This is Birmingham band Pigbros’s only album, released at the tail end of their short career.  It was, as I recall entirely ignored and I don’t think they sold many copies.  I guess they’d pretty much reached the end of the line by the time it came out and they didn’t promote it.  In fact even though I was a regular at their gigs, I was barely aware that this existed and bought it second hand some time after the event in Selectadisc in Nottingham.

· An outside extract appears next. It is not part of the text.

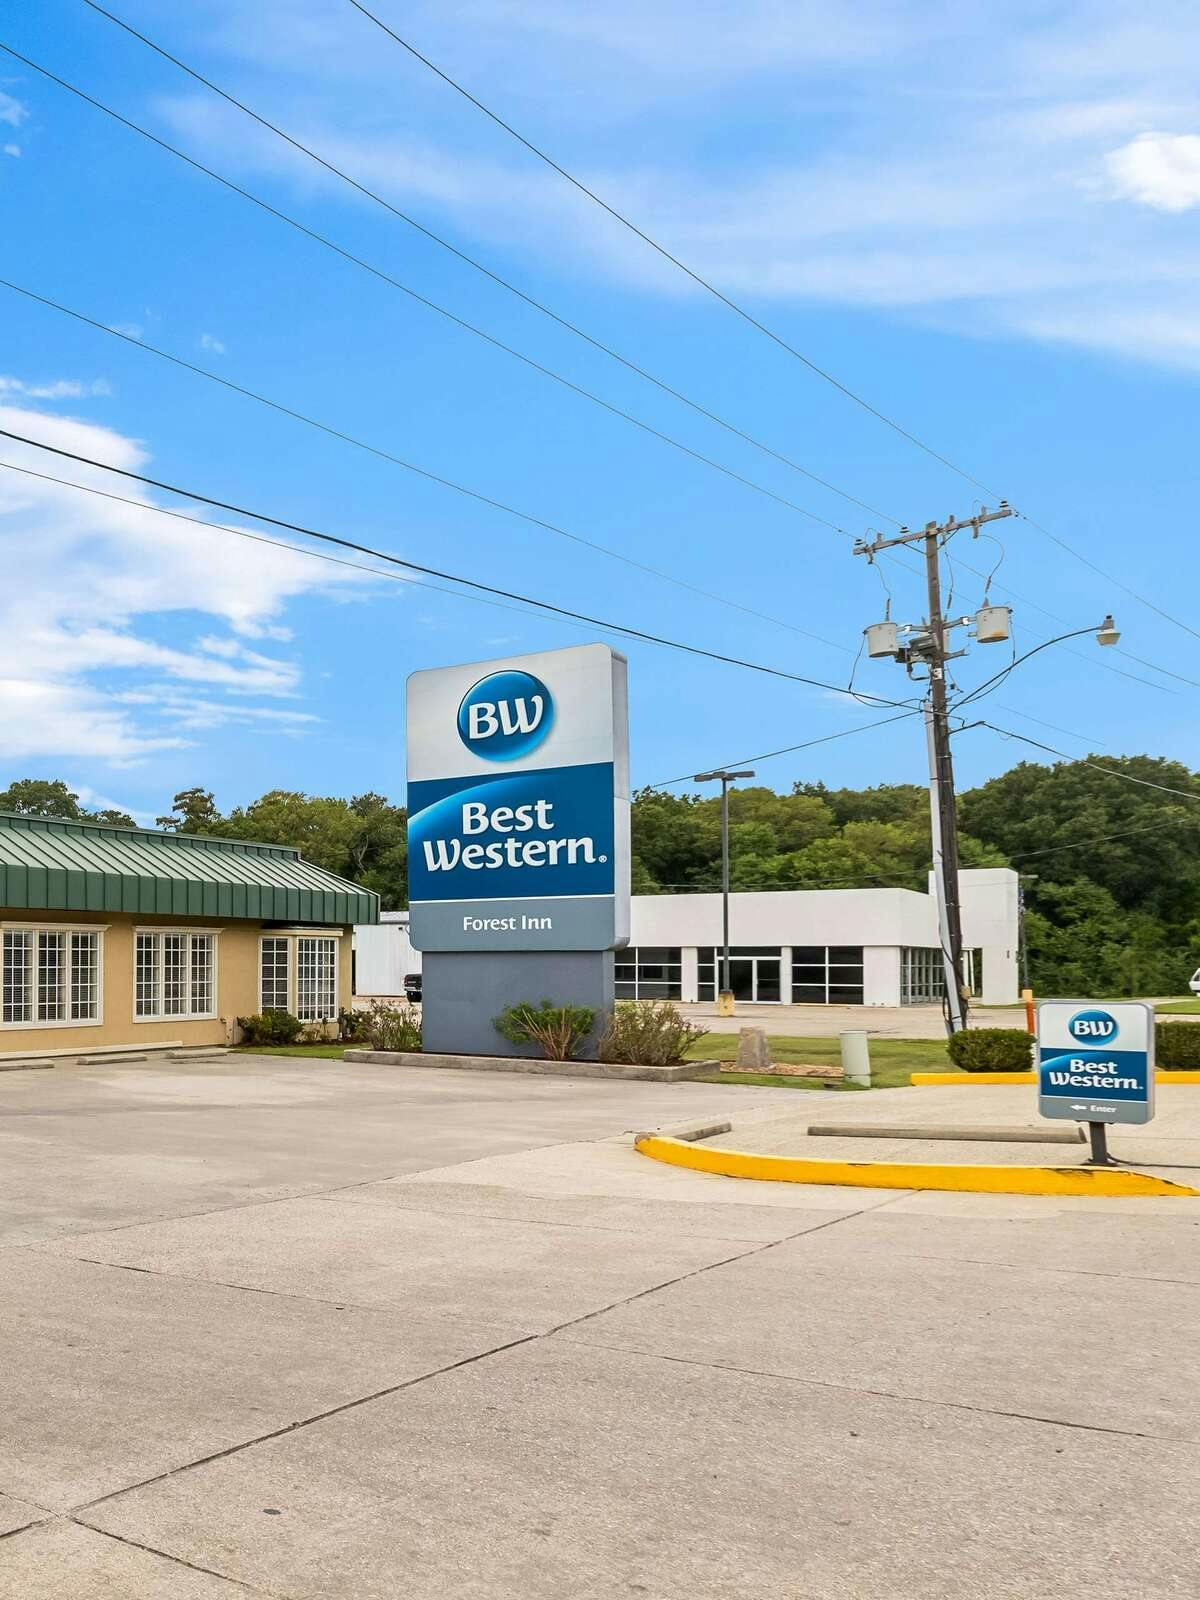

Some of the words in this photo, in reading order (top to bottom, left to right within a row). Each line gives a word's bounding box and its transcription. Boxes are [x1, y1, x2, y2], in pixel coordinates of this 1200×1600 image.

It’s like much of their output – some great songs, well performed with interesting lyrics, let down by ropey production and a murky sound.  I guess those things cost money and I doubt they had much of it.  It’s a shame because their live sound was great – I’d love to find a bootleg, but I think I’ll be waiting a long time.  No sign of them jumping on the indie reunion bandwagon like so many of the other bands I used to see back then either.

Despite those limitations, this is a great album.  One of the tracks (Cheap Life) has appeared here before, but this is a slightly different version.  It remains a stand-out, but I also love much of the rest, especially The Way Things Currently Are.  The guitar playing is much funkier than you’d expect from a bunch of brummy indiepopsters (maybe they’d been listening to ACR?) and Fuzz Townsend’s muscular and inventive drumming backs it all up very nicely.  Live the occasional appearance of Svor Naan’s rudimentary sax playing worked well, with a sinister bottom-of-a-well sound, but here it just sounds a bit lame.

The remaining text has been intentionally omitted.